## [Try it]
From the first line to the last, retype the records exactly and skip the pictures.

(Collection entries)
────────────────────────────────────────

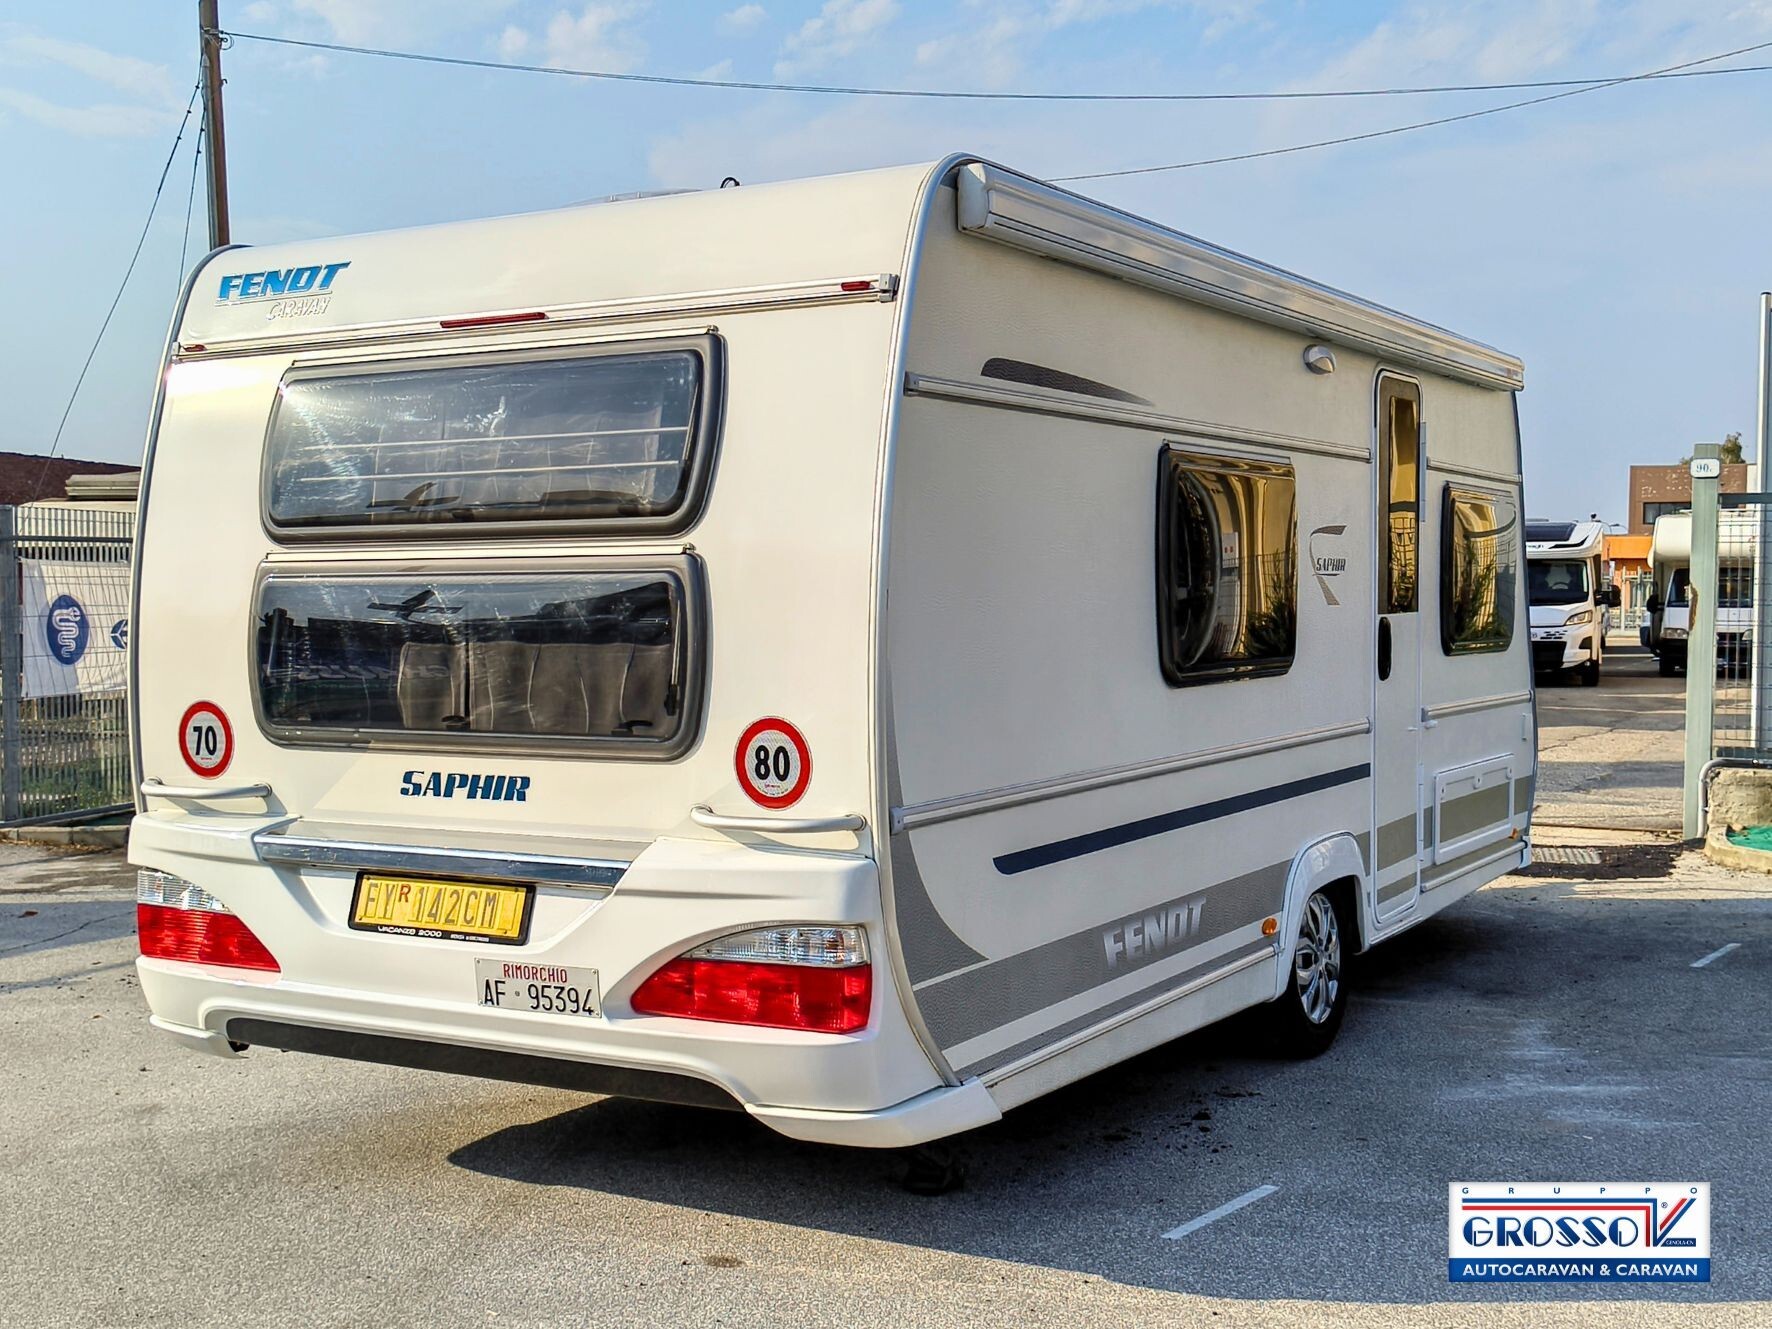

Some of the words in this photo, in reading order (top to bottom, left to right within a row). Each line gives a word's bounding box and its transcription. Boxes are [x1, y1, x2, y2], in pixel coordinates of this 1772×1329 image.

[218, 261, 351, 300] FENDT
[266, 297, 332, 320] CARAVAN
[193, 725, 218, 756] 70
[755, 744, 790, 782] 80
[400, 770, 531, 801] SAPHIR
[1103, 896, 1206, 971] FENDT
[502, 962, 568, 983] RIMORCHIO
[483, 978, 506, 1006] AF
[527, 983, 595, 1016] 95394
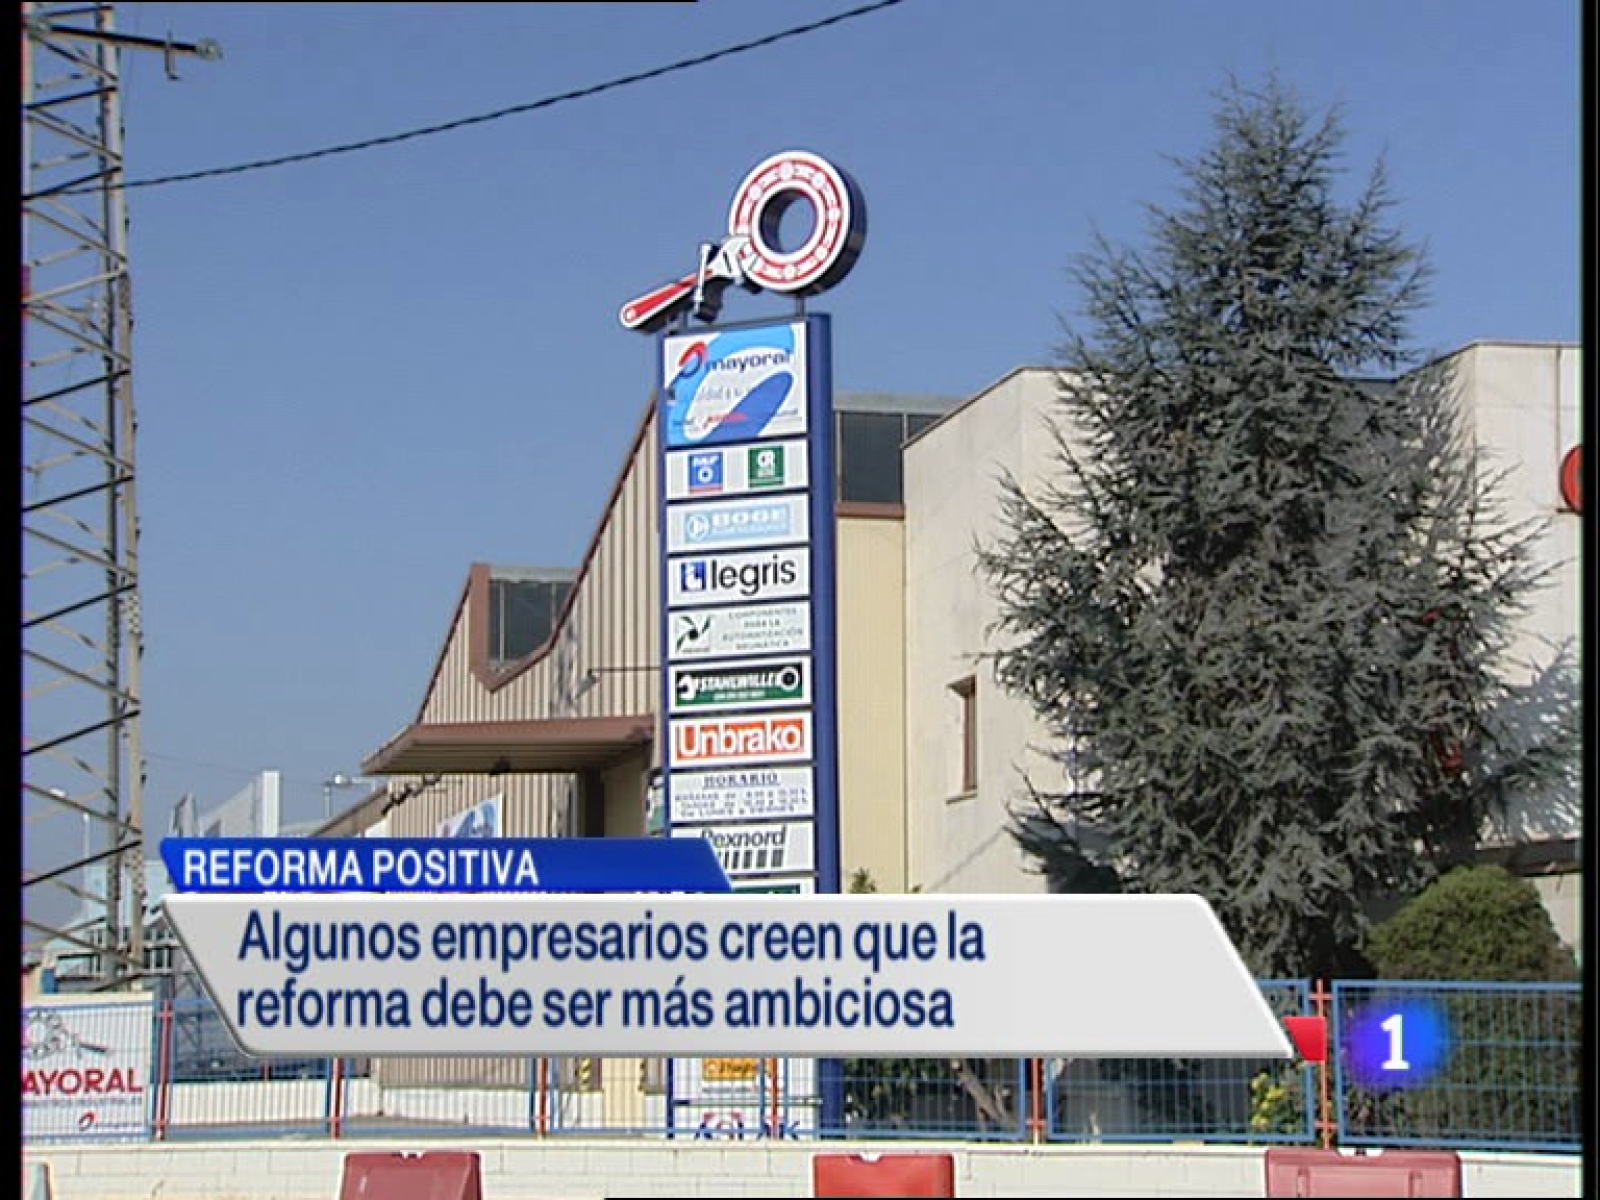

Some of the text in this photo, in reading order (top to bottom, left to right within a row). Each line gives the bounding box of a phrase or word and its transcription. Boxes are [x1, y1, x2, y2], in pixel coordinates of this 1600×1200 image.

────────────────────────────────────────

## [Result below]
Some of the words in this photo, in reading order (top to bottom, left to right within a row). Each line gives a word's bounding box and its transcription. Boxes are [x1, y1, x2, y2], in pixel coordinates of this 1772×1329 image.

[218, 261, 351, 300] FENDT
[266, 297, 332, 320] CARAVAN
[193, 725, 218, 756] 70
[755, 744, 790, 782] 80
[400, 770, 531, 801] SAPHIR
[1103, 896, 1206, 971] FENDT
[502, 962, 568, 983] RIMORCHIO
[483, 978, 506, 1006] AF
[527, 983, 595, 1016] 95394

Some of the text in this photo, in reading order (top to bottom, left to right within a row). Each line gives the bounding box of a phrase or word and its transcription. Boxes are [x1, y1, x2, y2], in pixel coordinates of this 1600×1200 image.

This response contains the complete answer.